YOUR OBJECTIVE: Please repeat every entry exactly as given, apart from dropping the images.

AVAILABLE DATA:
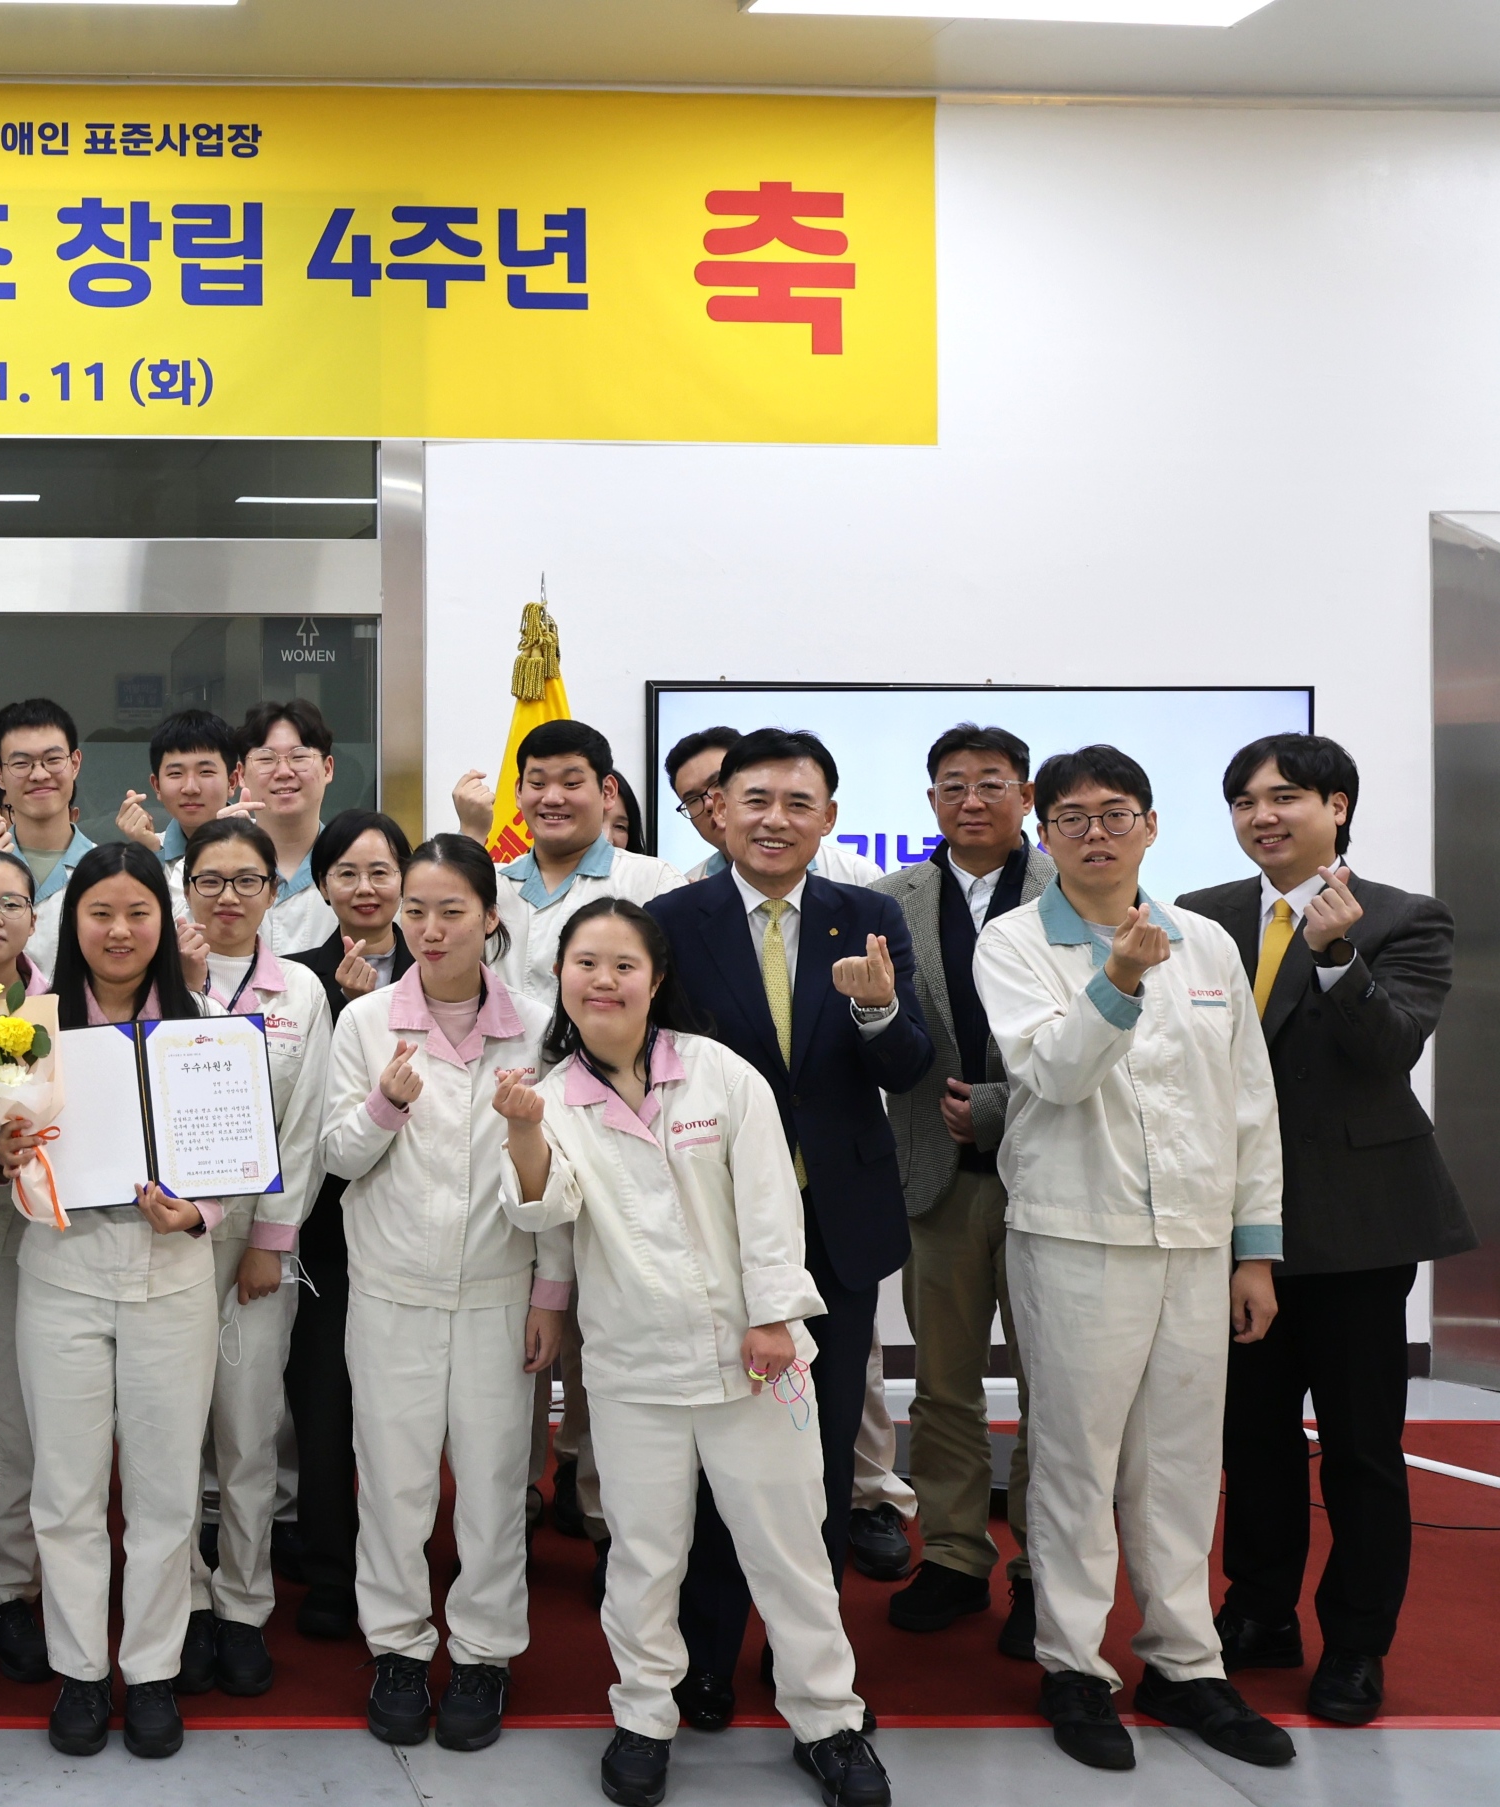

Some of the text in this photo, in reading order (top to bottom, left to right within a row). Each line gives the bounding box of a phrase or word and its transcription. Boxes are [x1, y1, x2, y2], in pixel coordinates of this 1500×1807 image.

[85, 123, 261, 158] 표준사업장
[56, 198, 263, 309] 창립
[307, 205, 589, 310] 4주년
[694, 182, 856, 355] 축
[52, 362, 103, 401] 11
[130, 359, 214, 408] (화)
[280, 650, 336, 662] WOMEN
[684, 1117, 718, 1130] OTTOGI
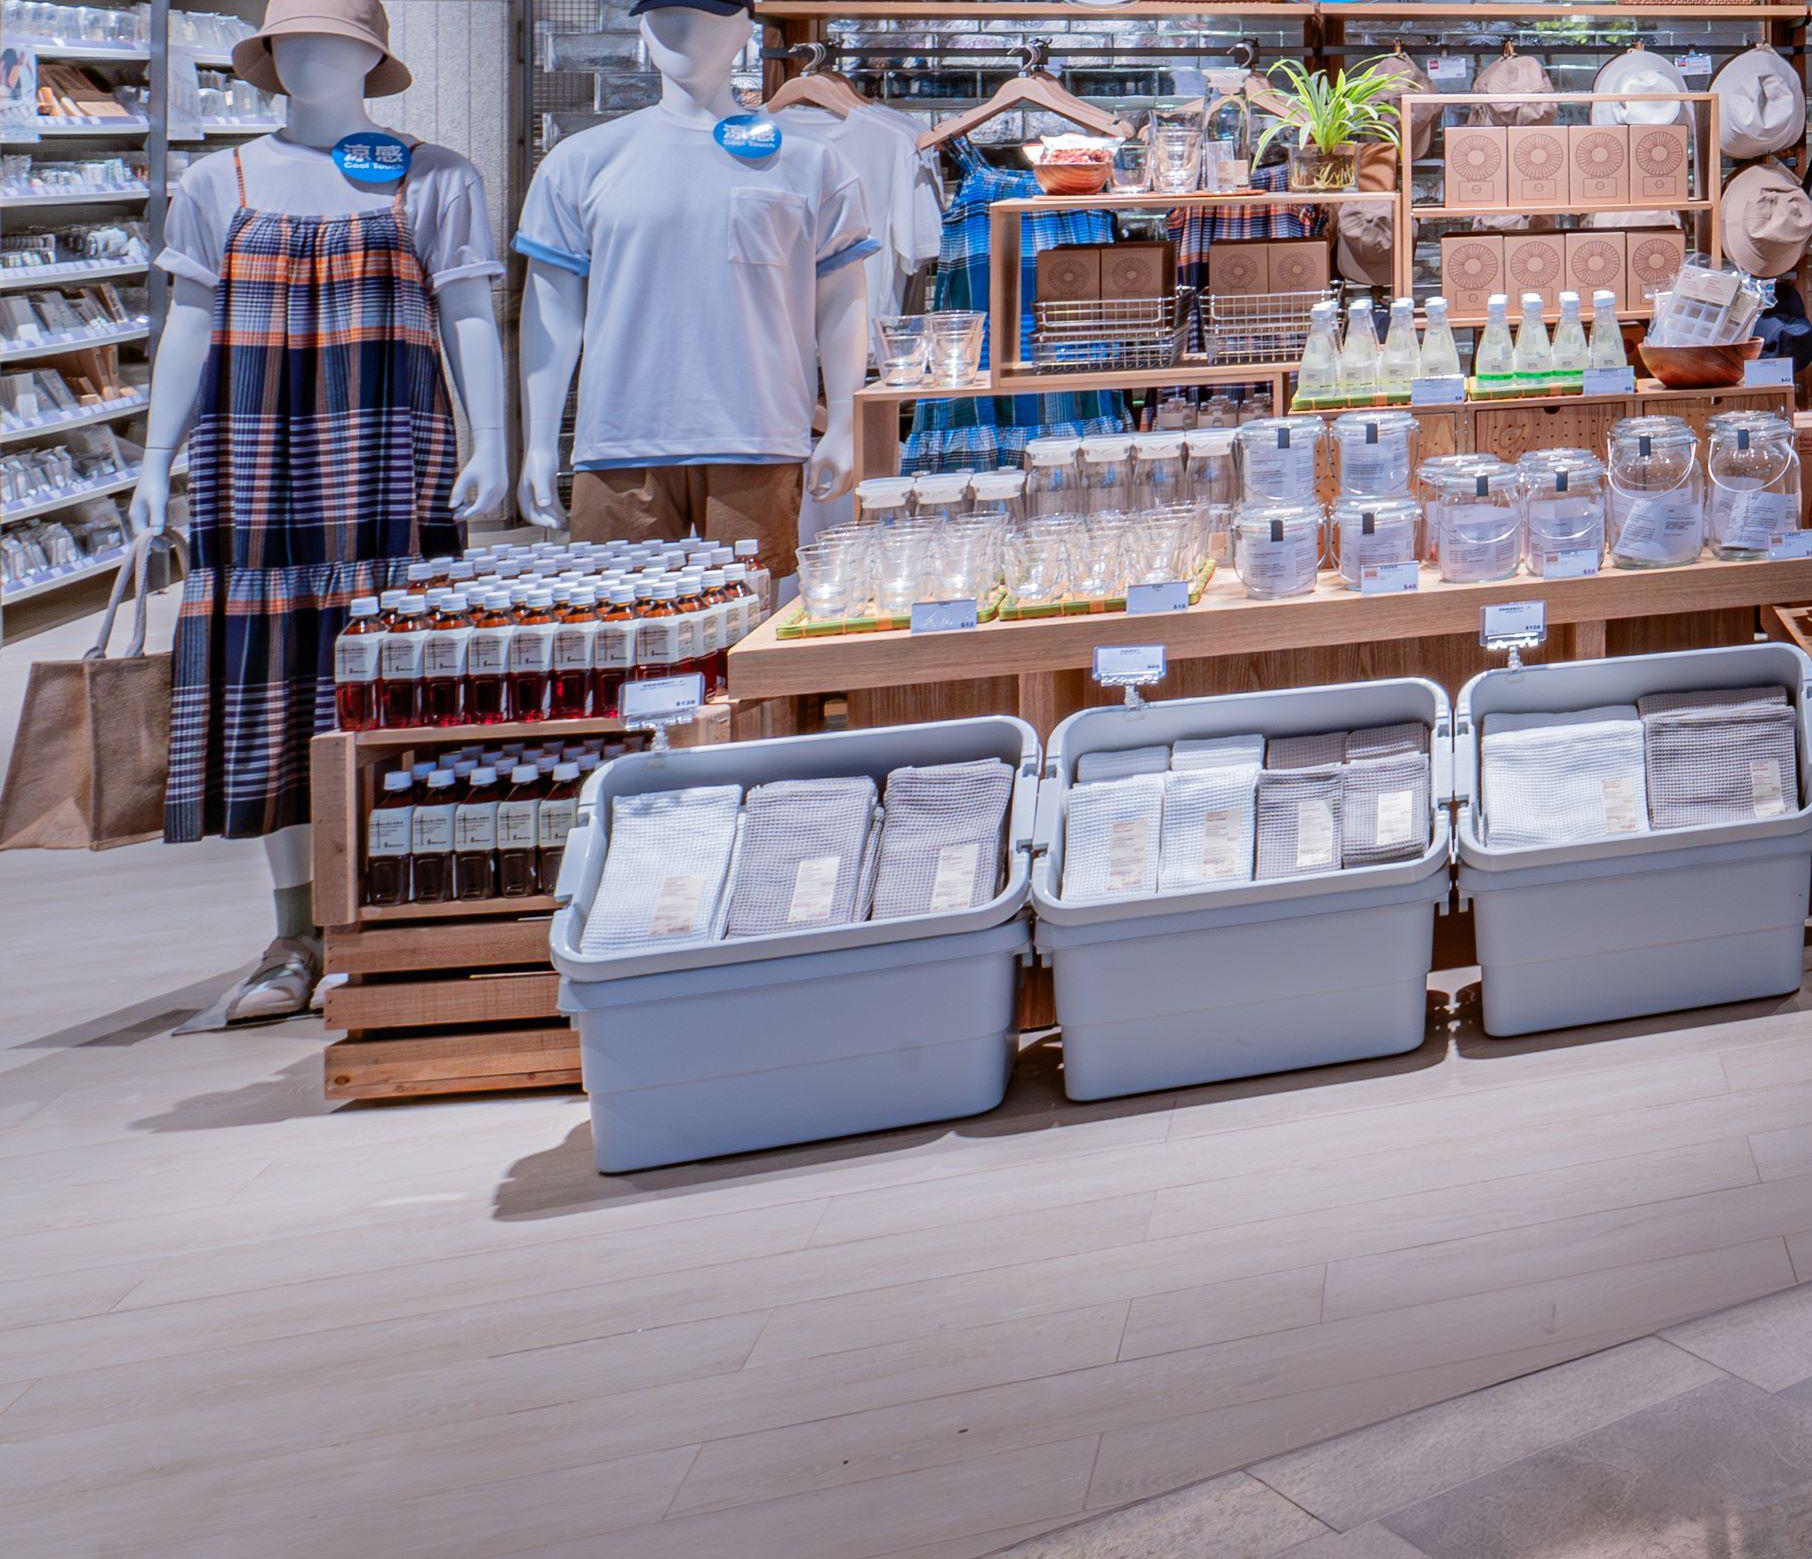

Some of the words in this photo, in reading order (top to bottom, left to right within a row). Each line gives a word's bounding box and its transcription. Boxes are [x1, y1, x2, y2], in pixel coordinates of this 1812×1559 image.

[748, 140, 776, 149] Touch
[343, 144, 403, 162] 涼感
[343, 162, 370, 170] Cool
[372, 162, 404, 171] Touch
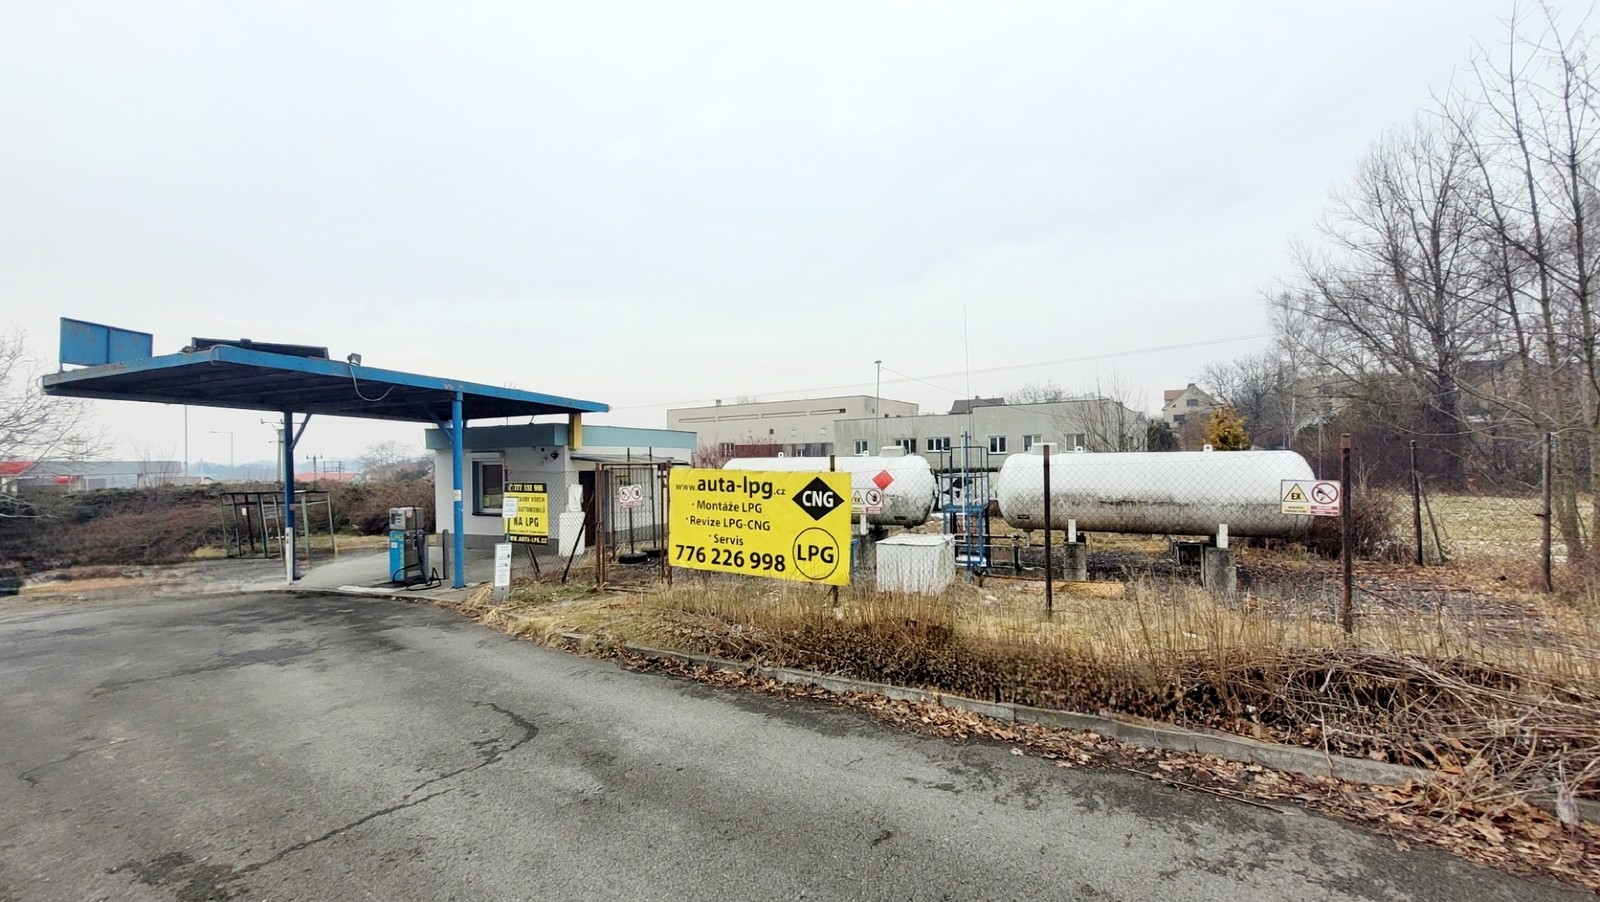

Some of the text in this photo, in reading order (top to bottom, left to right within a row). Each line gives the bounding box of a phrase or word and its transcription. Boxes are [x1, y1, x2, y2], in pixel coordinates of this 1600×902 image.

EXERCISE SOLUTION:
Some of the text in this photo, in reading order (top to bottom, left to right within a row). Each line gives the bounding box of a phrase or word and its transcription. Boxes are [x1, y1, x2, y2], in pixel coordinates of this 1500×1807 image.

[85, 123, 261, 158] 표준사업장
[56, 198, 263, 309] 창립
[307, 205, 589, 310] 4주년
[694, 182, 856, 355] 축
[52, 362, 103, 401] 11
[130, 359, 214, 408] (화)
[280, 650, 336, 662] WOMEN
[684, 1117, 718, 1130] OTTOGI

Some of the words in this photo, in reading order (top to bottom, left to right within a row). Each line gives a word's bounding box and its transcription. Boxes are [x1, y1, x2, y2], in pixel coordinates of this 1812×1559 image.

[748, 140, 776, 149] Touch
[343, 144, 403, 162] 涼感
[343, 162, 370, 170] Cool
[372, 162, 404, 171] Touch

Some of the text in this photo, in reading order (top to bottom, left to right within a row). Each line gives the bounding box of a phrase or word and its transcription. Boxes are [x1, y1, x2, y2], in pixel coordinates of this 1600×902 image.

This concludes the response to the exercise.